Required work:
Please repeat the entries word for word and keep the images out.

Saved entries:
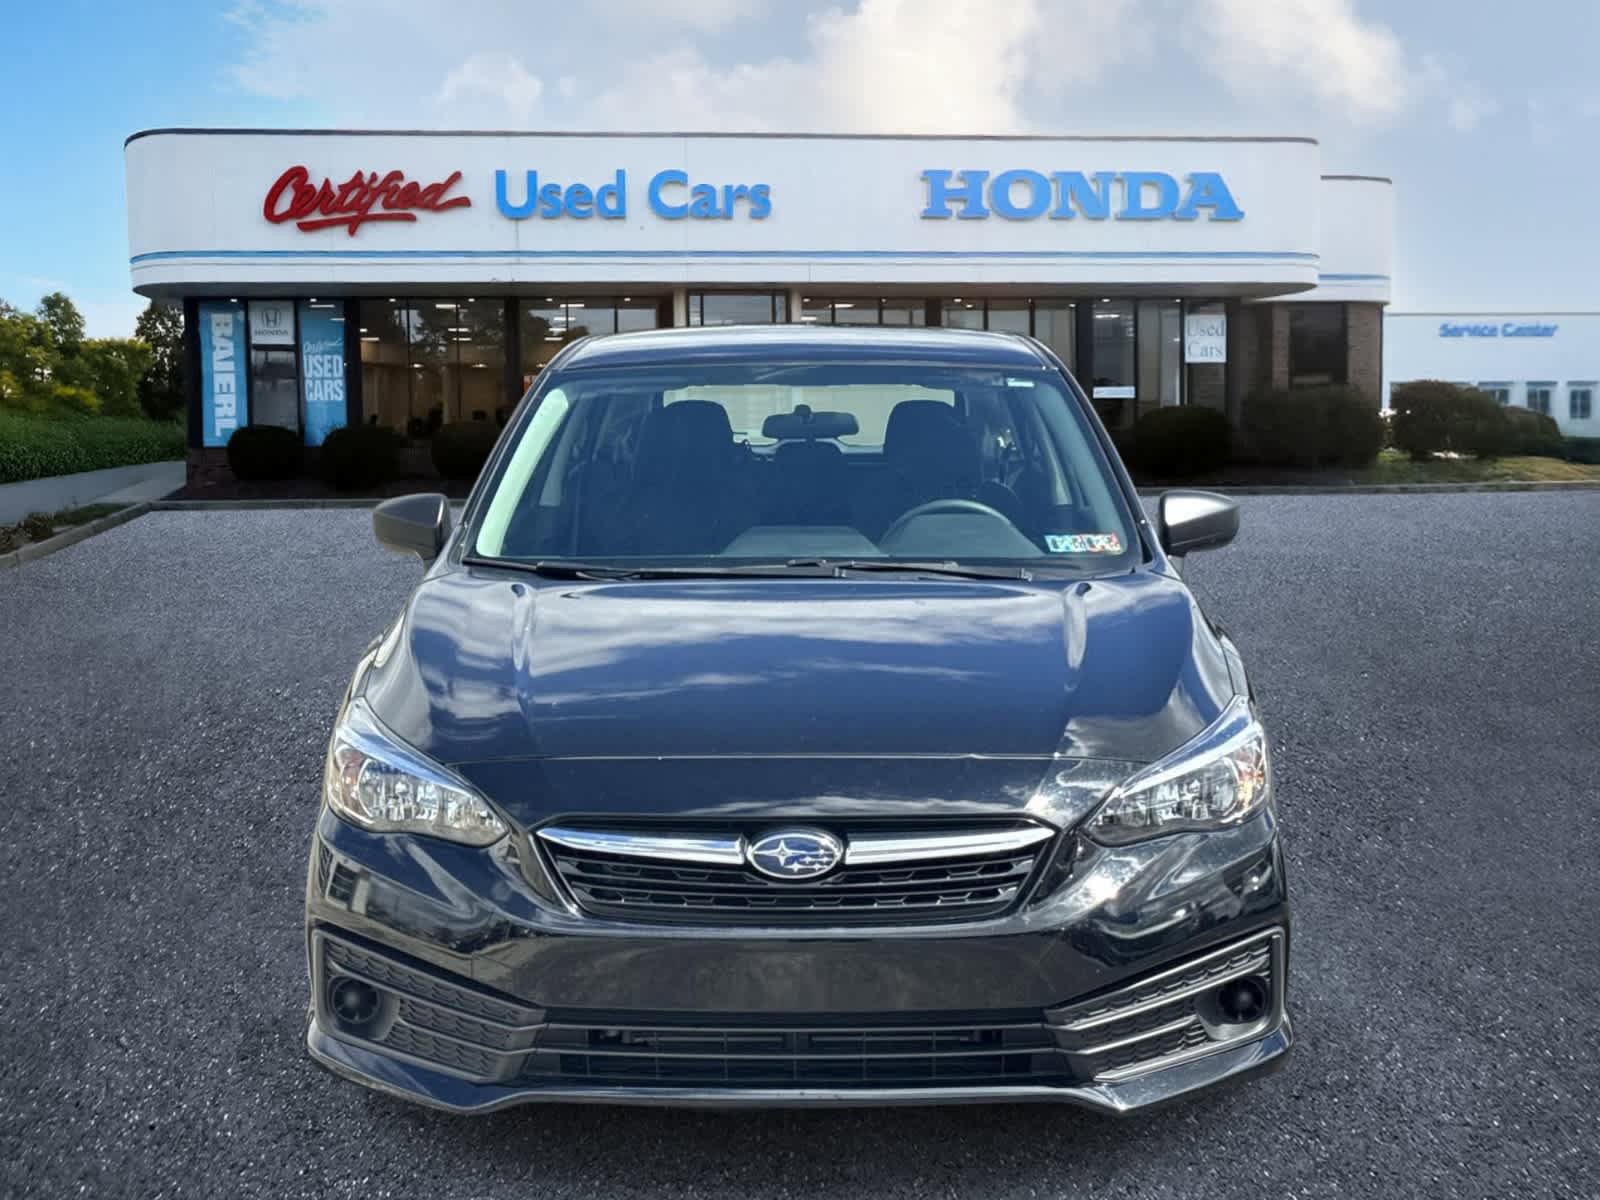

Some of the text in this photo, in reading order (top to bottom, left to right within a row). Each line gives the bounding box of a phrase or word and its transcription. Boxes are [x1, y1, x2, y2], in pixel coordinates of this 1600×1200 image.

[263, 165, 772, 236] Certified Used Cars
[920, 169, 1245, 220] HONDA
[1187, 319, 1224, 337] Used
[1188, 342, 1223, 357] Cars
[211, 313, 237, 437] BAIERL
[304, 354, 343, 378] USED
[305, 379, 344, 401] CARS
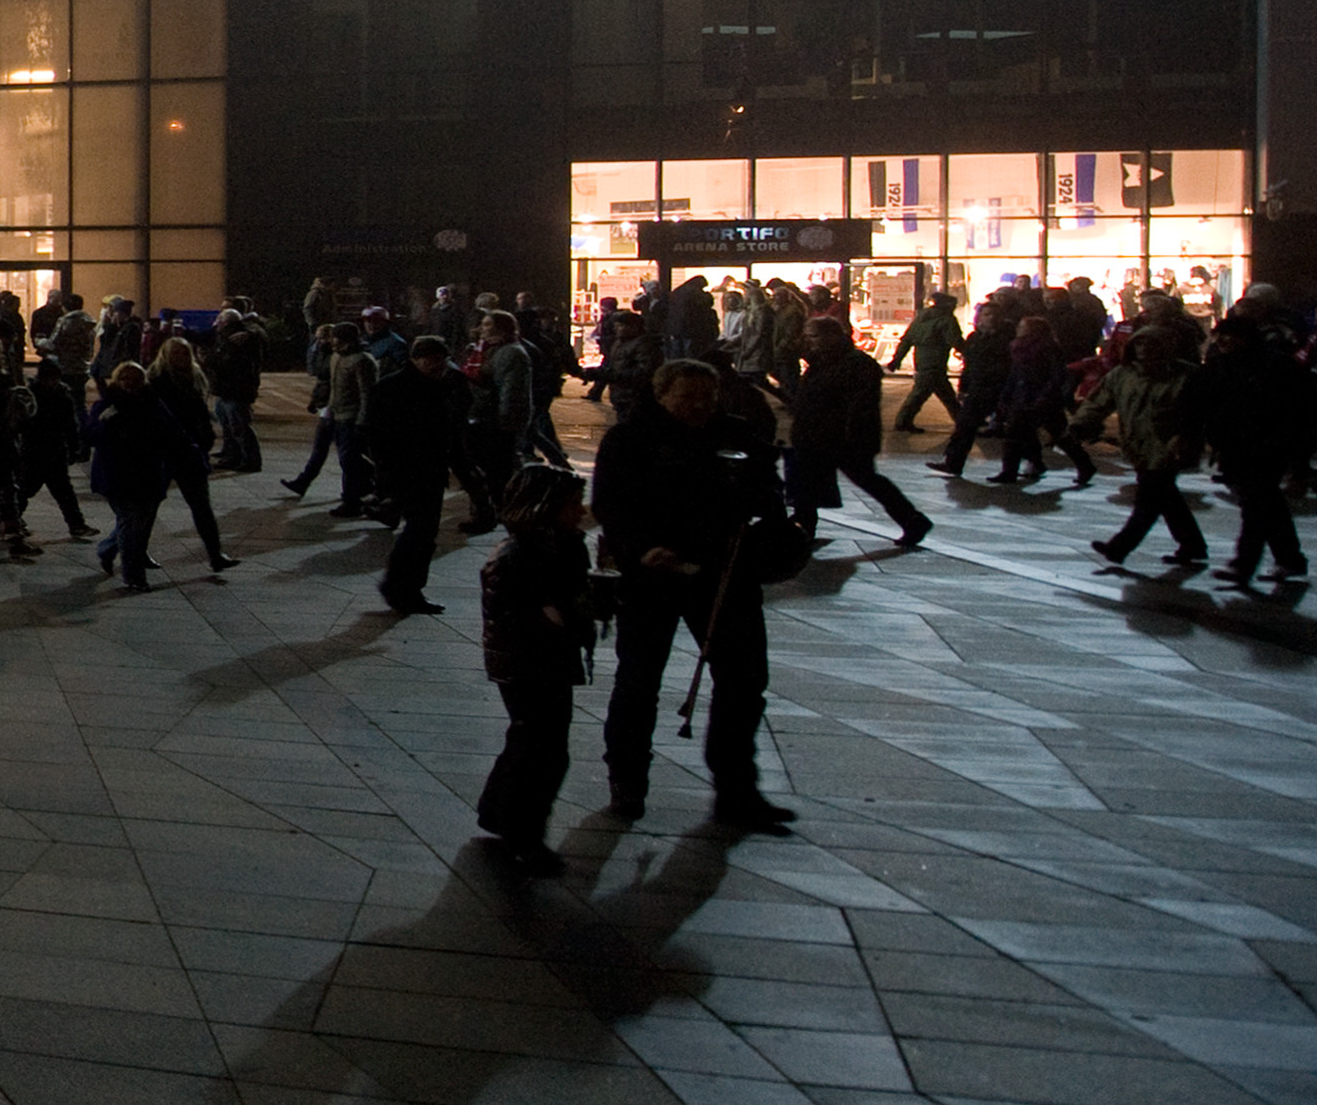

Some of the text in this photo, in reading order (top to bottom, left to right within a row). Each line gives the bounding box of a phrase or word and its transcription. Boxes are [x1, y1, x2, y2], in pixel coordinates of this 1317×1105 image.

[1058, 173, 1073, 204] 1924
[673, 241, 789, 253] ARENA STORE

Your response:
Some of the text in this photo, in reading order (top to bottom, left to right within a row). Each line gives the bounding box of a phrase or word and its transcription. Boxes are [x1, y1, x2, y2], in pixel coordinates of this 1600×1200 image.

[263, 165, 772, 236] Certified Used Cars
[920, 169, 1245, 220] HONDA
[1187, 319, 1224, 337] Used
[1188, 342, 1223, 357] Cars
[211, 313, 237, 437] BAIERL
[304, 354, 343, 378] USED
[305, 379, 344, 401] CARS

Some of the text in this photo, in reading order (top to bottom, left to right within a row). Each line gives the bounding box of a phrase or word and its transcription. Boxes are [x1, y1, x2, y2], in pixel coordinates of this 1317×1105 image.

[1058, 173, 1073, 204] 1924
[673, 241, 789, 253] ARENA STORE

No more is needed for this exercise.